McIntire procured a regular role on ABC's Naked City, before his character was killed off (in the episode, "The Bumper," done at his own suggestion, as he found the New York–based filming was not to his liking, with him living on the west coast then and asked to be released from the show). McIntire was cast from January to May 1961 in the supporting role of Pa Canfield in the NBC American Civil War drama The Americans.

He was a guest star playing a dogged investigative radio newsman "Lauren Hall" (a figure not unlike show narrator Walter Winchell) in The Untouchables episode; "A Seat On The Fence."

Though McIntire had never played the lead in a theatrical film, television provided him with his most prominent and long-running role when, in 1961, he replaced the late Ward Bond in the NBC/ABC series Wagon Train, playing trail master Chris Hale in more than 150 episodes from 1961 to 1965. His co-stars were Robert Horton, Robert Fuller, Denny Scott Miller, Terry Wilson, Frank McGrath, and Michael Burns. Previous to this, in 1959, he had played the title character in the Wagon Train episode, "The Andrew Hale Story," in which he co-starred with Ward Bond.

In 1960, McIntire guest-starred as William Palmer in the series finale, "The Most Dangerous Gentleman," of the short-lived NBC western Overland Trail, starring William Bendix and Doug McClure, his subsequent co-star on The Virginian. Also in 1960, McIntire starred in a The Twilight Zone episode "The Chaser" where he played a mysterious purveyor of potions. McIntire guest-starred twice in the western TV series Bonanza. He played Sheriff Mike Latimer in the 1961 episode "The Bride" and he portrayed Old Charlie Conners in the 1966 episode "Old Charlie" (which also featured his wife Jeanette Nolan and their son Tim playing a young villain whom his character Charlie kills in self defense). In 1967, he guest-starred in an episode of CBS's short-lived western, Dundee and the Culhane.

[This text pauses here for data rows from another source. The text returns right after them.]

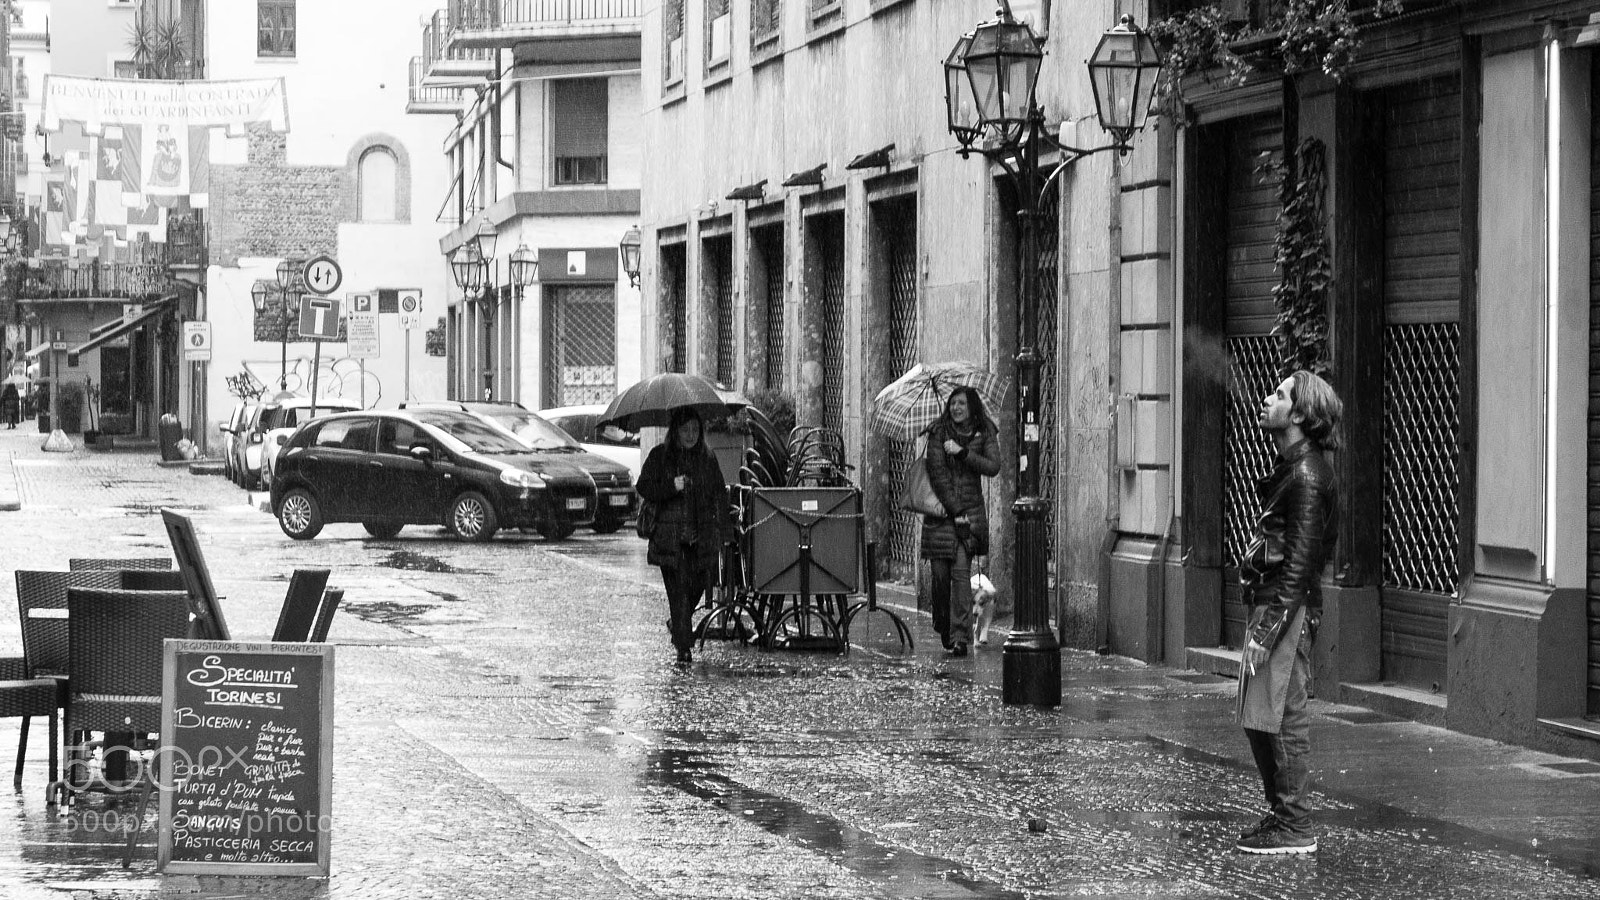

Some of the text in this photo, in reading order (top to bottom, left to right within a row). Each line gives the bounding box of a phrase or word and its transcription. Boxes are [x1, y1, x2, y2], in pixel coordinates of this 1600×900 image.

[51, 84, 147, 102] BENVENUTI
[187, 86, 277, 103] CONTRADA
[104, 101, 124, 116] dei
[358, 296, 368, 311] P
[176, 640, 322, 654] DEGUSTAZIONE VINI PIEMONTESI
[206, 688, 281, 704] TORINESI
[173, 759, 227, 777] BONET
[244, 760, 291, 779] GRANITA
[173, 778, 216, 795] TURTA
[198, 796, 223, 810] gelato
[173, 809, 241, 831] SANGUIS
[173, 829, 314, 853] PASTICCERIA SECCA
[204, 853, 213, 861] e
[220, 851, 248, 862] molto

McIntire replaced actor Charles Bickford (who had himself replaced Lee J. Cobb) on NBC's The Virginian in 1967 when Bickford died (the second time McIntire replaced the leading man in a television series after the lead died, the first being Ward Bond in Wagon Train). McIntire played Clay Grainger, the brother of Bickford's character for four seasons, a major recurring leading role in a weekly 90-minute western series similar in size and scope to his earlier work on Wagon Train.

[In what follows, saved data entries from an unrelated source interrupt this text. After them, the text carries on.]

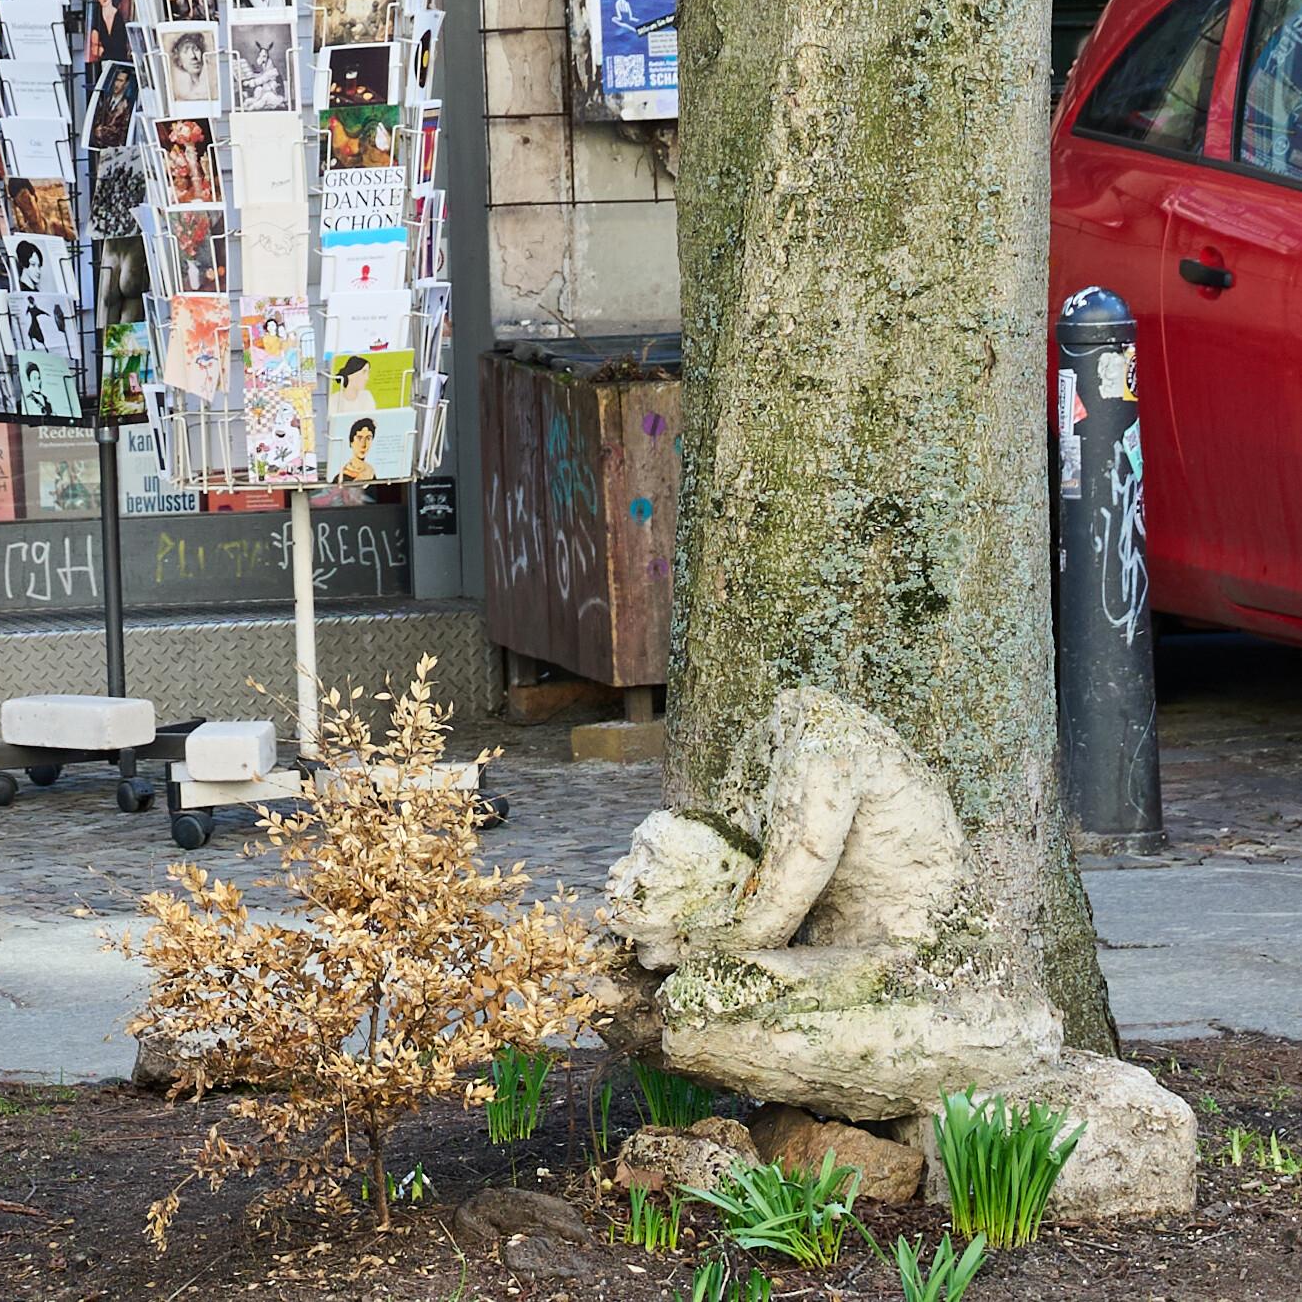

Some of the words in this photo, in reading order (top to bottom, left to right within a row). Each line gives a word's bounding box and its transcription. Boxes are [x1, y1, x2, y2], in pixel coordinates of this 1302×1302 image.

[325, 168, 404, 188] GROSSES
[324, 187, 402, 210] DANKE
[323, 210, 399, 233] SCHÖN
[38, 426, 95, 440] Redeku
[128, 431, 154, 452] kan
[126, 492, 196, 513] bewusste

He played the supporting role of Judge Parker in Rooster Cogburn (1975), the sequel to True Grit starring John Wayne and Katharine Hepburn, and appeared as Owen Keating in the 1977 television miniseries Aspen. His final film role was in Turner & Hooch (1989).

In 1979–1980, McIntire played Ethan McHenry in Shirley on NBC, and in 1981, he played Sam Whittier on the ABC drama The American Dream.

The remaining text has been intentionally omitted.